## What to produce
Write each entry down again precisely, skipping nothing.
-- Supplied data follows --
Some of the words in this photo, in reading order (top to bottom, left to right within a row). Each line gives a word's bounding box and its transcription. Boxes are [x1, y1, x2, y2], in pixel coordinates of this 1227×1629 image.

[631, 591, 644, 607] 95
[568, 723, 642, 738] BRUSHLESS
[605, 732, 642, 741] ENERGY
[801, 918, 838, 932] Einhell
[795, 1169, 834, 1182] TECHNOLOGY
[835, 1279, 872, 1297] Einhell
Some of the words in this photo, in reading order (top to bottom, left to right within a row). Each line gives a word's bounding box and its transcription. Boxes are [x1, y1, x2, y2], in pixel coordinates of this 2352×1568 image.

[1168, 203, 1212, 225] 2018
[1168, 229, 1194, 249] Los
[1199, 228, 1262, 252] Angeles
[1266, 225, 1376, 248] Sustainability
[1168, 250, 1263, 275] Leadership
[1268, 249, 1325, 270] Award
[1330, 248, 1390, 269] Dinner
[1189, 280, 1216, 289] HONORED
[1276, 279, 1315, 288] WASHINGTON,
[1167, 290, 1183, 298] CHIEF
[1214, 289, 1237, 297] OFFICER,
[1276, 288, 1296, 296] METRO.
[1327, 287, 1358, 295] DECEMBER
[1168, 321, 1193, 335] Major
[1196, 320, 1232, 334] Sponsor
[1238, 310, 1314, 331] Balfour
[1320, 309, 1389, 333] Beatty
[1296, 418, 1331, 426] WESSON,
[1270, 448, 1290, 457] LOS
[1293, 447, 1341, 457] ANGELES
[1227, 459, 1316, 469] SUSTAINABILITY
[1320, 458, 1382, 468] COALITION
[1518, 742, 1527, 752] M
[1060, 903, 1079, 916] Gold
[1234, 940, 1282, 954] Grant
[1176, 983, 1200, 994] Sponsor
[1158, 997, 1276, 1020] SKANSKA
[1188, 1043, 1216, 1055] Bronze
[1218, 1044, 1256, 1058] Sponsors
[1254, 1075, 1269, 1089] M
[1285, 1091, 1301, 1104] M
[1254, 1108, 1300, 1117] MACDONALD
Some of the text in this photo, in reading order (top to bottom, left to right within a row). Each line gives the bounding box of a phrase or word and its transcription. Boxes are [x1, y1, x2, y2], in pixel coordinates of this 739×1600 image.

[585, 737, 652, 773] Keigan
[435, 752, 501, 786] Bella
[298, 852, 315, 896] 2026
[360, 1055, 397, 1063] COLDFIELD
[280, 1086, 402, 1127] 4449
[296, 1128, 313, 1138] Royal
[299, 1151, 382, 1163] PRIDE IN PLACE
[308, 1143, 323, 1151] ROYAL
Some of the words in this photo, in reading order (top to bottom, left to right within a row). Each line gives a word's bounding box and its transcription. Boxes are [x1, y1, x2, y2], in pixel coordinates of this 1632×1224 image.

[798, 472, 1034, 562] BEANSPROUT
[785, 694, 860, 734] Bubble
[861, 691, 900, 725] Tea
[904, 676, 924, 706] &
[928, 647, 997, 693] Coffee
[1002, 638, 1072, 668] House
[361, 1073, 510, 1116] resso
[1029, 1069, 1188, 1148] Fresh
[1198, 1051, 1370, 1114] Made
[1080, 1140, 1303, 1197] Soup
-- Supplied data concluded --
## Task response
Some of the words in this photo, in reading order (top to bottom, left to right within a row). Each line gives a word's bounding box and its transcription. Boxes are [x1, y1, x2, y2], in pixel coordinates of this 1227×1629 image.

[631, 591, 644, 607] 95
[568, 723, 642, 738] BRUSHLESS
[605, 732, 642, 741] ENERGY
[801, 918, 838, 932] Einhell
[795, 1169, 834, 1182] TECHNOLOGY
[835, 1279, 872, 1297] Einhell
Some of the words in this photo, in reading order (top to bottom, left to right within a row). Each line gives a word's bounding box and its transcription. Boxes are [x1, y1, x2, y2], in pixel coordinates of this 2352×1568 image.

[1168, 203, 1212, 225] 2018
[1168, 229, 1194, 249] Los
[1199, 228, 1262, 252] Angeles
[1266, 225, 1376, 248] Sustainability
[1168, 250, 1263, 275] Leadership
[1268, 249, 1325, 270] Award
[1330, 248, 1390, 269] Dinner
[1189, 280, 1216, 289] HONORED
[1276, 279, 1315, 288] WASHINGTON,
[1167, 290, 1183, 298] CHIEF
[1214, 289, 1237, 297] OFFICER,
[1276, 288, 1296, 296] METRO.
[1327, 287, 1358, 295] DECEMBER
[1168, 321, 1193, 335] Major
[1196, 320, 1232, 334] Sponsor
[1238, 310, 1314, 331] Balfour
[1320, 309, 1389, 333] Beatty
[1296, 418, 1331, 426] WESSON,
[1270, 448, 1290, 457] LOS
[1293, 447, 1341, 457] ANGELES
[1227, 459, 1316, 469] SUSTAINABILITY
[1320, 458, 1382, 468] COALITION
[1518, 742, 1527, 752] M
[1060, 903, 1079, 916] Gold
[1234, 940, 1282, 954] Grant
[1176, 983, 1200, 994] Sponsor
[1158, 997, 1276, 1020] SKANSKA
[1188, 1043, 1216, 1055] Bronze
[1218, 1044, 1256, 1058] Sponsors
[1254, 1075, 1269, 1089] M
[1285, 1091, 1301, 1104] M
[1254, 1108, 1300, 1117] MACDONALD
Some of the text in this photo, in reading order (top to bottom, left to right within a row). Each line gives the bounding box of a phrase or word and its transcription. Boxes are [x1, y1, x2, y2], in pixel coordinates of this 739×1600 image.

[585, 737, 652, 773] Keigan
[435, 752, 501, 786] Bella
[298, 852, 315, 896] 2026
[360, 1055, 397, 1063] COLDFIELD
[280, 1086, 402, 1127] 4449
[296, 1128, 313, 1138] Royal
[299, 1151, 382, 1163] PRIDE IN PLACE
[308, 1143, 323, 1151] ROYAL
Some of the words in this photo, in reading order (top to bottom, left to right within a row). Each line gives a word's bounding box and its transcription. Boxes are [x1, y1, x2, y2], in pixel coordinates of this 1632×1224 image.

[798, 472, 1034, 562] BEANSPROUT
[785, 694, 860, 734] Bubble
[861, 691, 900, 725] Tea
[904, 676, 924, 706] &
[928, 647, 997, 693] Coffee
[1002, 638, 1072, 668] House
[361, 1073, 510, 1116] resso
[1029, 1069, 1188, 1148] Fresh
[1198, 1051, 1370, 1114] Made
[1080, 1140, 1303, 1197] Soup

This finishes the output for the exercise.